Exercise input:
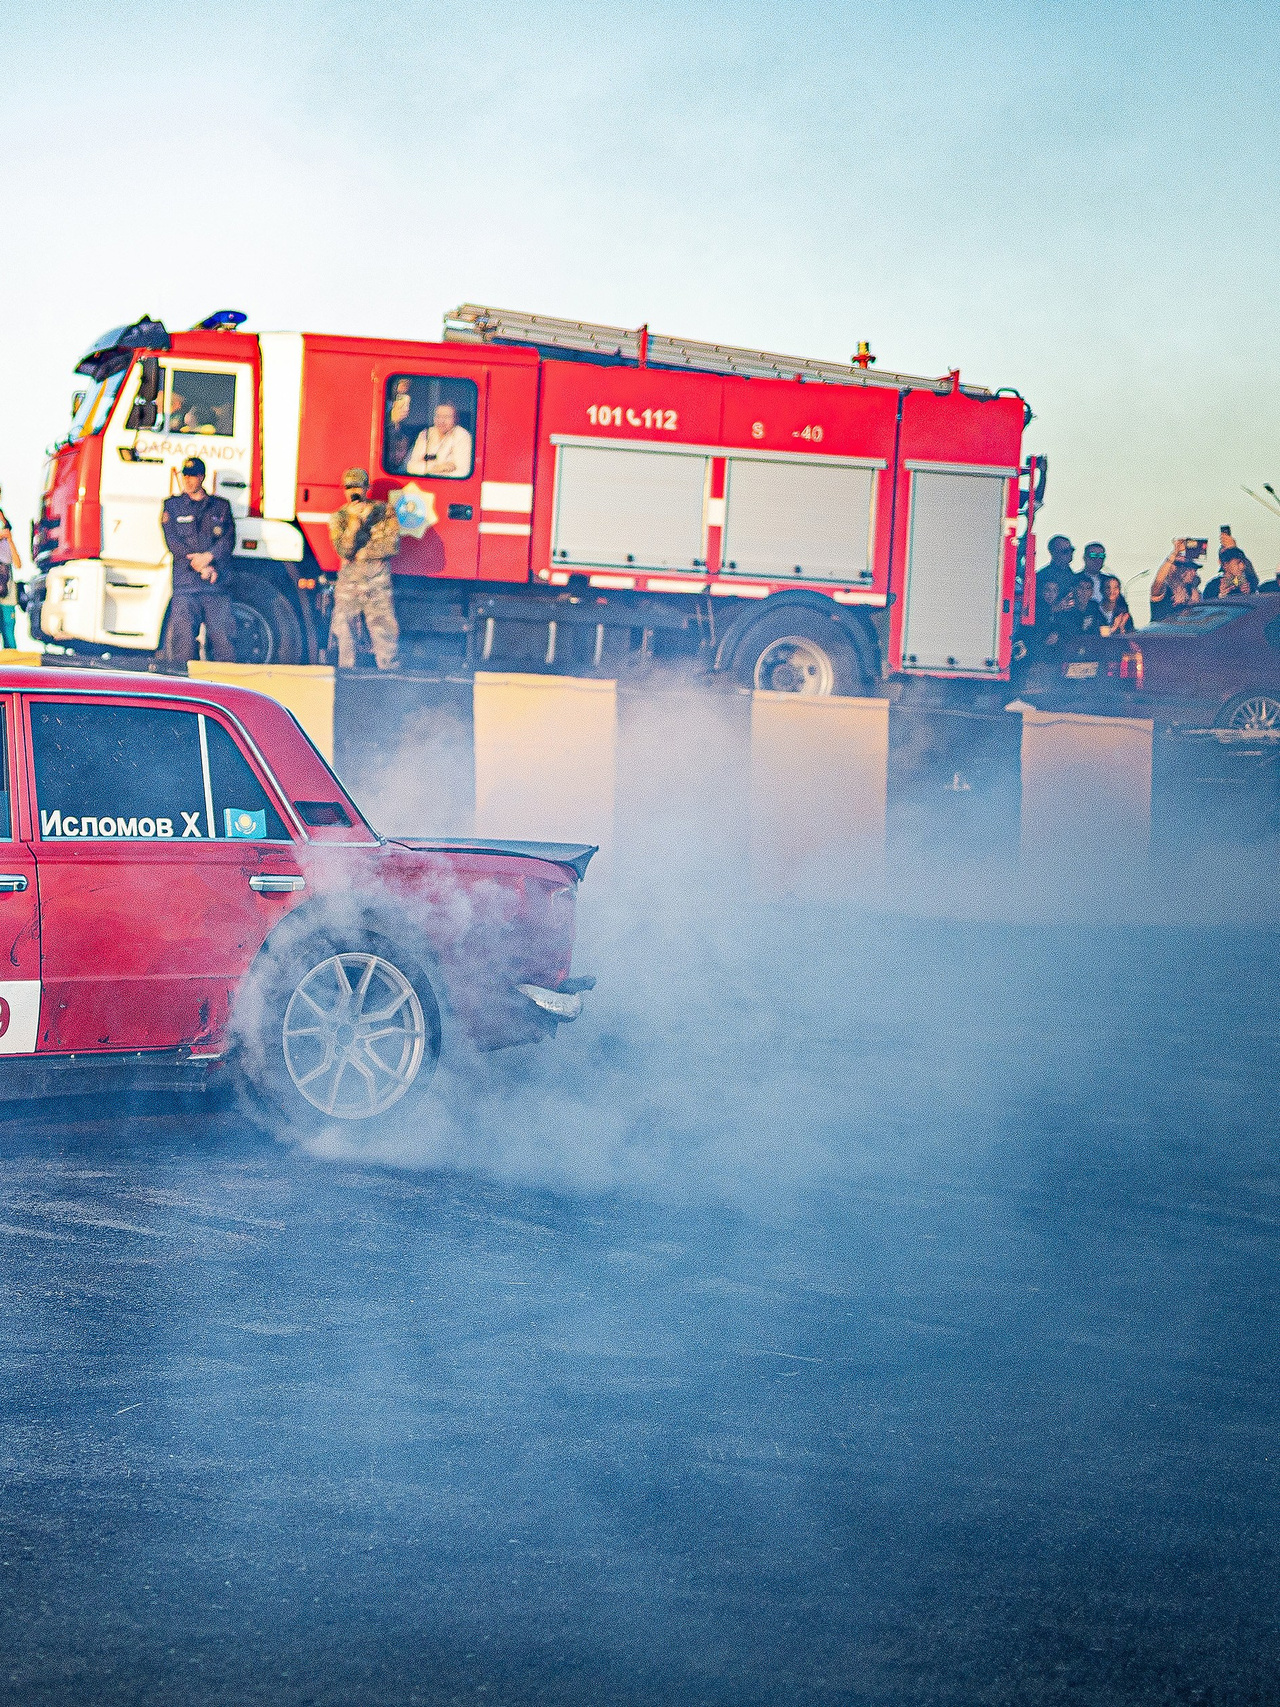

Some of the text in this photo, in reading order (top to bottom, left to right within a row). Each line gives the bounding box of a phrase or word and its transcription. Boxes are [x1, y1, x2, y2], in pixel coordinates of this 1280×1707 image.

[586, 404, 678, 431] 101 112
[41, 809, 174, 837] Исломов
* * *
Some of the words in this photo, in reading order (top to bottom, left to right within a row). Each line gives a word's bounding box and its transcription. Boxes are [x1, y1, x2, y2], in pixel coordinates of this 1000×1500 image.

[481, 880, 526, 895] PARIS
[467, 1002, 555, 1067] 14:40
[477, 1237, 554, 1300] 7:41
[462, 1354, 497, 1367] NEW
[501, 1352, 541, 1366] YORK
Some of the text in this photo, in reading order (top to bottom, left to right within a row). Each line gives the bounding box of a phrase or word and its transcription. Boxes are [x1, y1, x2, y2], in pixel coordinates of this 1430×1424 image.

Task:
For the material above, reproduce exactly the lines from the line with "Some of the words" to the line with "this 1430×1424 image.", inclusive, and exclude all others.

Worked solution:
Some of the words in this photo, in reading order (top to bottom, left to right within a row). Each line gives a word's bounding box and its transcription. Boxes are [x1, y1, x2, y2], in pixel coordinates of this 1000×1500 image.

[481, 880, 526, 895] PARIS
[467, 1002, 555, 1067] 14:40
[477, 1237, 554, 1300] 7:41
[462, 1354, 497, 1367] NEW
[501, 1352, 541, 1366] YORK
Some of the text in this photo, in reading order (top to bottom, left to right within a row). Each line gives the bounding box of a phrase or word and its transcription. Boxes are [x1, y1, x2, y2], in pixel coordinates of this 1430×1424 image.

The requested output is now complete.